Dan Sasuke mengabaikan itu, masih hanyut dengan pemikirannya sendiri. Berbagai presepsi muncul untuk mencoba menyangkal hal yang baru saja terjadi. Tapi semua itu tak bisa mengalahkan opini terbesarnya.
Mata obsidian hitam itu bergulir perlahan menatap dada manusia di hadapannya. Dan dengan perlahan pula, dia melirik bagian bawah manusia tersebut.
Oh My, tidak ada tonjolan.
"KAU WANITA!" sembur Sasuke keras. Dia melangkah mundur dengan tergesa.
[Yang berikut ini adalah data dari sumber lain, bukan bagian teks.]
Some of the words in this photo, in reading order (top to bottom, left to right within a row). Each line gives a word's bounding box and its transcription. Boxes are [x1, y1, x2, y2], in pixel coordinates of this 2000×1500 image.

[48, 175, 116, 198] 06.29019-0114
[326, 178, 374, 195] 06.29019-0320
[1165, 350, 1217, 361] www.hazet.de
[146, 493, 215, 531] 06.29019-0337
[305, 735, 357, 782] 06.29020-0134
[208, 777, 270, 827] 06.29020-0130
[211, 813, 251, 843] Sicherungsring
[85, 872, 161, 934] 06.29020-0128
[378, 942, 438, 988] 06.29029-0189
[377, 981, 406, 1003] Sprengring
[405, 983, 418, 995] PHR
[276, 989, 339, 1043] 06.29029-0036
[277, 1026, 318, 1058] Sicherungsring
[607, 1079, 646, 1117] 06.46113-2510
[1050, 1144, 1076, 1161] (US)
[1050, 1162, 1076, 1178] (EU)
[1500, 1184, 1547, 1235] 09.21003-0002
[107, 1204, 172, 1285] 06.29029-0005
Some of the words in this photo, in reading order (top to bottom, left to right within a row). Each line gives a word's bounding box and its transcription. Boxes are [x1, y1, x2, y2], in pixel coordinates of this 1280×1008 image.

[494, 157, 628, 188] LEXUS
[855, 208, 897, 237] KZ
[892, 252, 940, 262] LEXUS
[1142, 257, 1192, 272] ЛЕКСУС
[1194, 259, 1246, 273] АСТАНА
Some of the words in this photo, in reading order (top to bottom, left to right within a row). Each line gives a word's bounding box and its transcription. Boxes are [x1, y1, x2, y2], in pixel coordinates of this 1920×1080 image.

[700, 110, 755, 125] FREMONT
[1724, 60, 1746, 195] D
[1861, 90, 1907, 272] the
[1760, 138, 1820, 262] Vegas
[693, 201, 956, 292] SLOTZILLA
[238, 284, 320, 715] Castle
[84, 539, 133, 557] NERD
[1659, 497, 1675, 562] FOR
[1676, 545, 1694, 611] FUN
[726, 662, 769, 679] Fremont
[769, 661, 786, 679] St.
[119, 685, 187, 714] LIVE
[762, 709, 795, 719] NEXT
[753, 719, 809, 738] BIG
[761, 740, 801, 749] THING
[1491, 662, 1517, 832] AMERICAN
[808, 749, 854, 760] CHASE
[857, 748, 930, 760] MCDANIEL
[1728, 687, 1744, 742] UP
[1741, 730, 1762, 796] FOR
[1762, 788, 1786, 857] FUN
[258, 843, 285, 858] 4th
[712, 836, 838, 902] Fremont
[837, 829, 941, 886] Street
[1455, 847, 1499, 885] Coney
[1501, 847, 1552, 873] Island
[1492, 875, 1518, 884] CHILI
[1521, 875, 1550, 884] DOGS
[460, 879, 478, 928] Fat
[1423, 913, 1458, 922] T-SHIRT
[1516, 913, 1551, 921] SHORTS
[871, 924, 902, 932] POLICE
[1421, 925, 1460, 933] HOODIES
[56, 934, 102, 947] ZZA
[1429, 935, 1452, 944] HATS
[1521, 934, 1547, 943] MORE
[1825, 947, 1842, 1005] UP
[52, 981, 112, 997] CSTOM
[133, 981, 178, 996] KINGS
Wajahnya memasang tampang horor, sementara matanya masih melotot lebar seakan menambah kesan dramatis.
Di lain pihak, Naruto mengerutkan dahinya, memasang tampang bingung. "Kau ini sebenarnya kenapa? Dan ya, tentu saja aku wanita. Kau pikir apa?" lagi, pertanyaan polos keluar dari mulutnya.
Sasuke berdiri temangu, matanya menatap kosong gadis di hadapannya. "Ini tak pernah terjadi sebelumnya" gumaman pelan di tunjukkan kepada diri sendiri. "Aku selalu bisa membedakannya. Tak pernah keliru sebelumnya"
"Kau ini sebenarnya kenapa?!" pertanyaan yang sama kembali meluncur dari bibir mungil Naruto, kali ini naik satu oktav. Entah kenapa Sasuke yang seperti ini terlihat lebih menyeramkan, lebih suram, lebih mengerikan.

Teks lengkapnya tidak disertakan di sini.